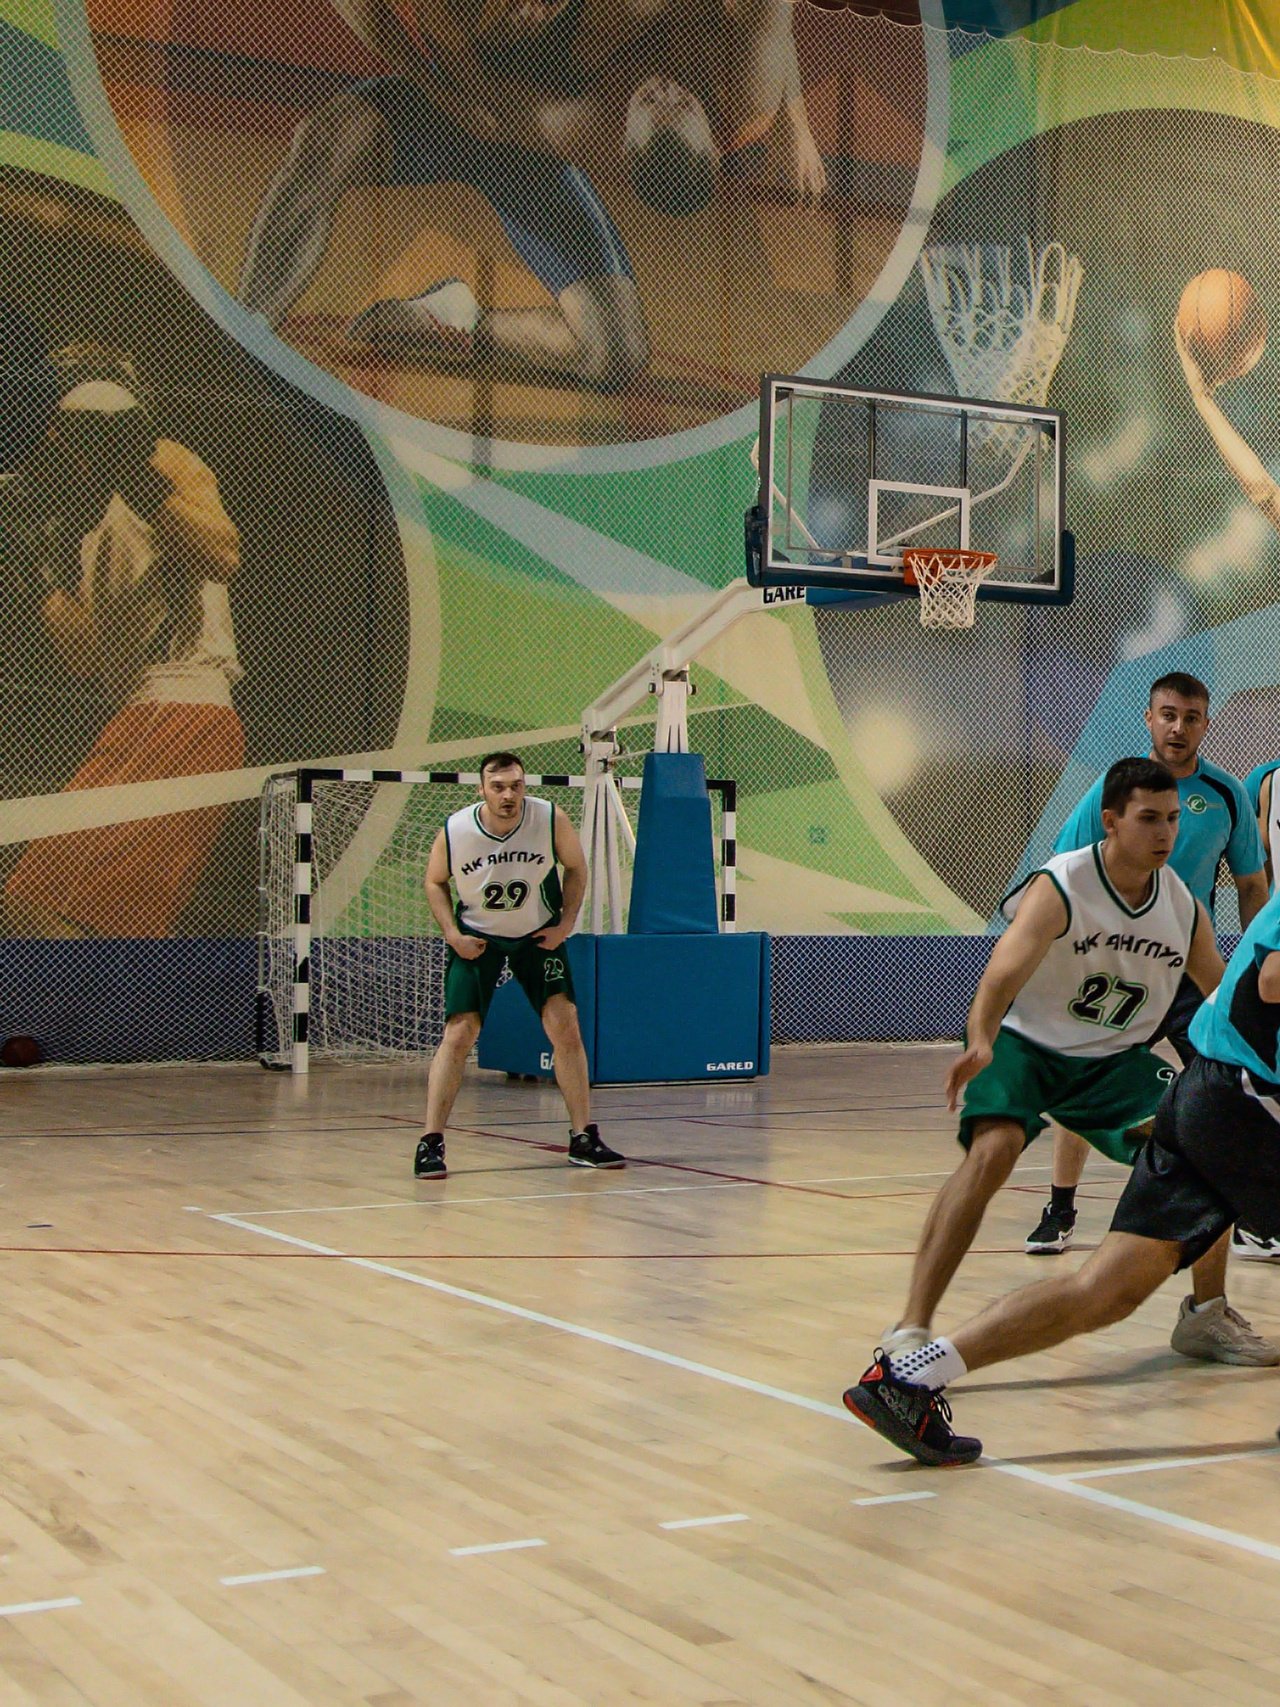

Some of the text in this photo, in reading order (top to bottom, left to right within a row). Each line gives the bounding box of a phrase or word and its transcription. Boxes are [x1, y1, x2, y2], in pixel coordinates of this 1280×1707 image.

[763, 586, 806, 604] GARE
[461, 856, 483, 876] НК
[482, 879, 531, 912] 29
[1073, 931, 1102, 955] НК
[1067, 971, 1149, 1031] 27
[706, 1061, 754, 1072] GARED
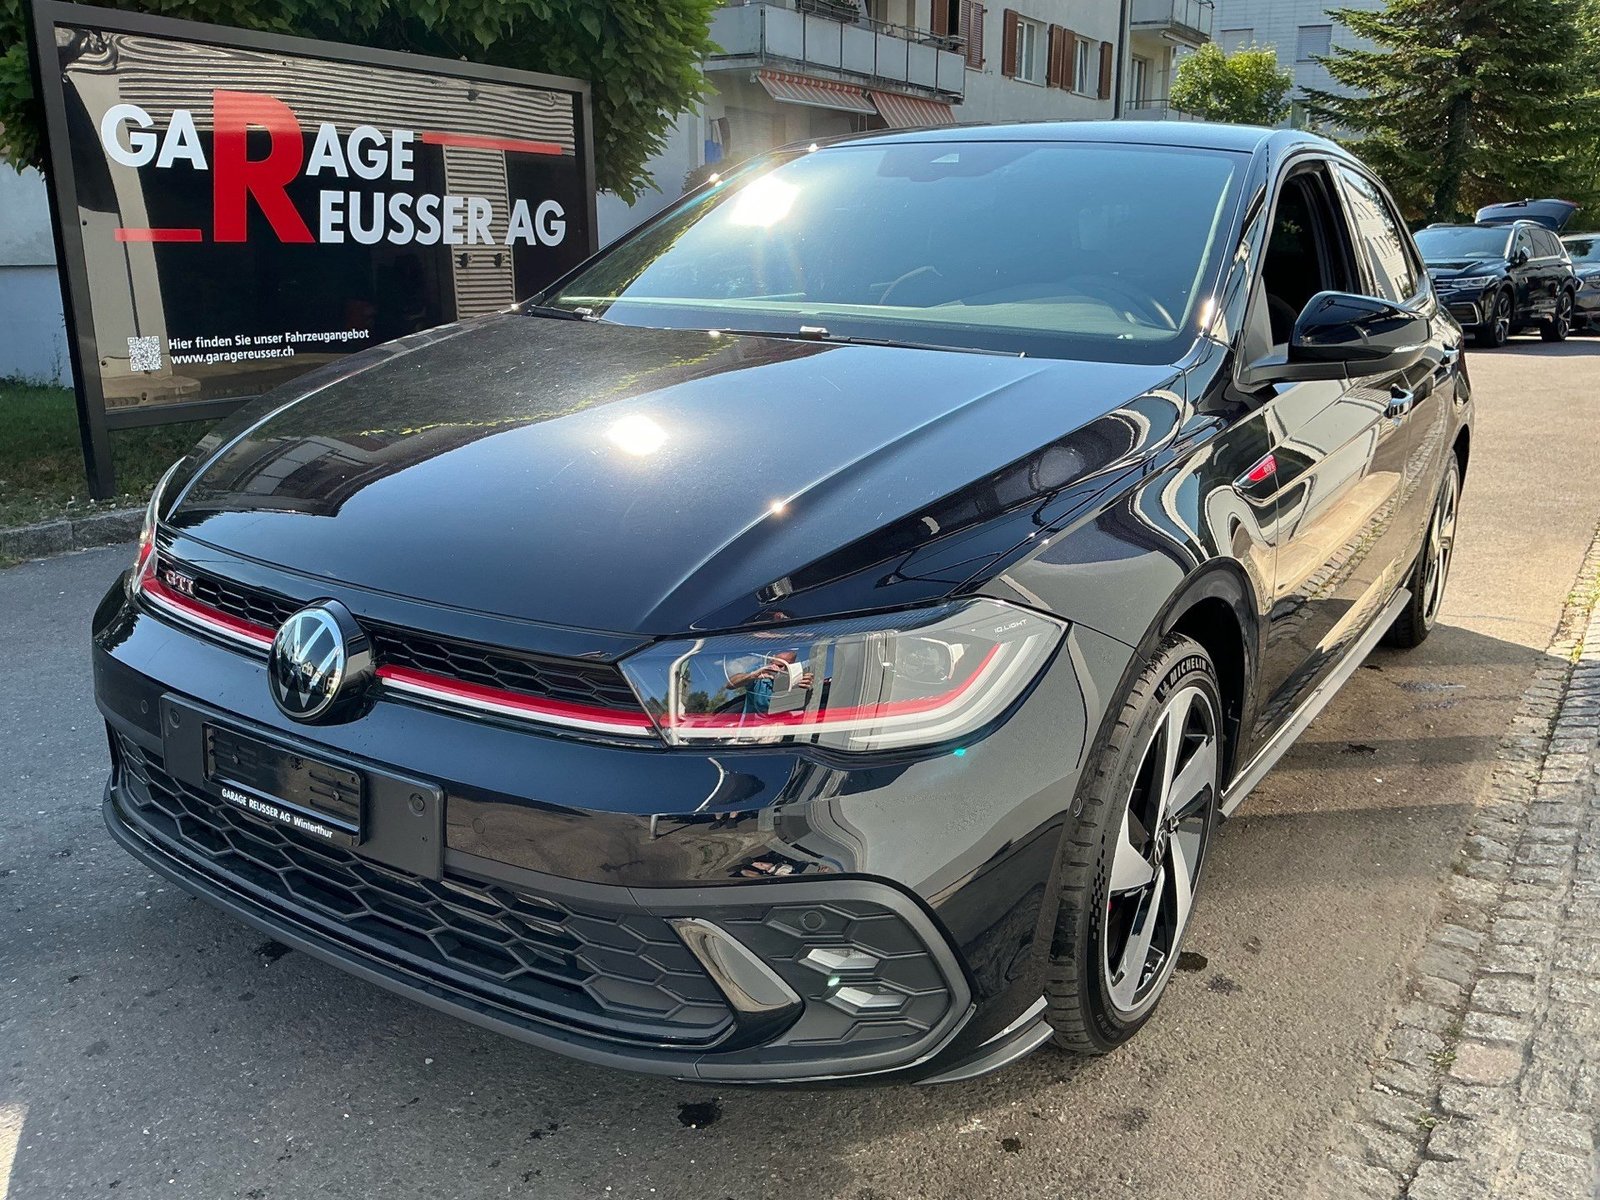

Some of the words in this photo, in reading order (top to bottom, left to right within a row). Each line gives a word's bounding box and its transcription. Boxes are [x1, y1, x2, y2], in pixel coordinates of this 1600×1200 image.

[504, 200, 567, 247] AG
[168, 336, 192, 350] Hier
[195, 333, 231, 348] finden
[234, 332, 251, 346] Sie
[254, 333, 283, 345] unser
[285, 328, 370, 344] Fahrzeugangebot
[170, 345, 295, 365] www.garagereusser.ch
[1169, 657, 1207, 686] MICHELIN
[221, 788, 247, 806] GARAGE
[248, 798, 278, 818] REUSSER
[279, 811, 291, 823] AG
[293, 816, 333, 839] Winterthur
○ ○ ○ ○
WORK ITEM
All the records need to be printed again exactly as written, though without their pictures.

SOLUTION BELOW
Some of the text in this photo, in reading order (top to bottom, left to right within a row). Each line gives the bounding box of a phrase or word and its transcription. Boxes are [x1, y1, x2, y2], in pixel coordinates of this 1280×1707 image.

[763, 586, 806, 604] GARE
[461, 856, 483, 876] НК
[482, 879, 531, 912] 29
[1073, 931, 1102, 955] НК
[1067, 971, 1149, 1031] 27
[706, 1061, 754, 1072] GARED

Some of the words in this photo, in reading order (top to bottom, left to right within a row). Each line gives a word's bounding box and its transcription. Boxes are [x1, y1, x2, y2], in pixel coordinates of this 1600×1200 image.

[504, 200, 567, 247] AG
[168, 336, 192, 350] Hier
[195, 333, 231, 348] finden
[234, 332, 251, 346] Sie
[254, 333, 283, 345] unser
[285, 328, 370, 344] Fahrzeugangebot
[170, 345, 295, 365] www.garagereusser.ch
[1169, 657, 1207, 686] MICHELIN
[221, 788, 247, 806] GARAGE
[248, 798, 278, 818] REUSSER
[279, 811, 291, 823] AG
[293, 816, 333, 839] Winterthur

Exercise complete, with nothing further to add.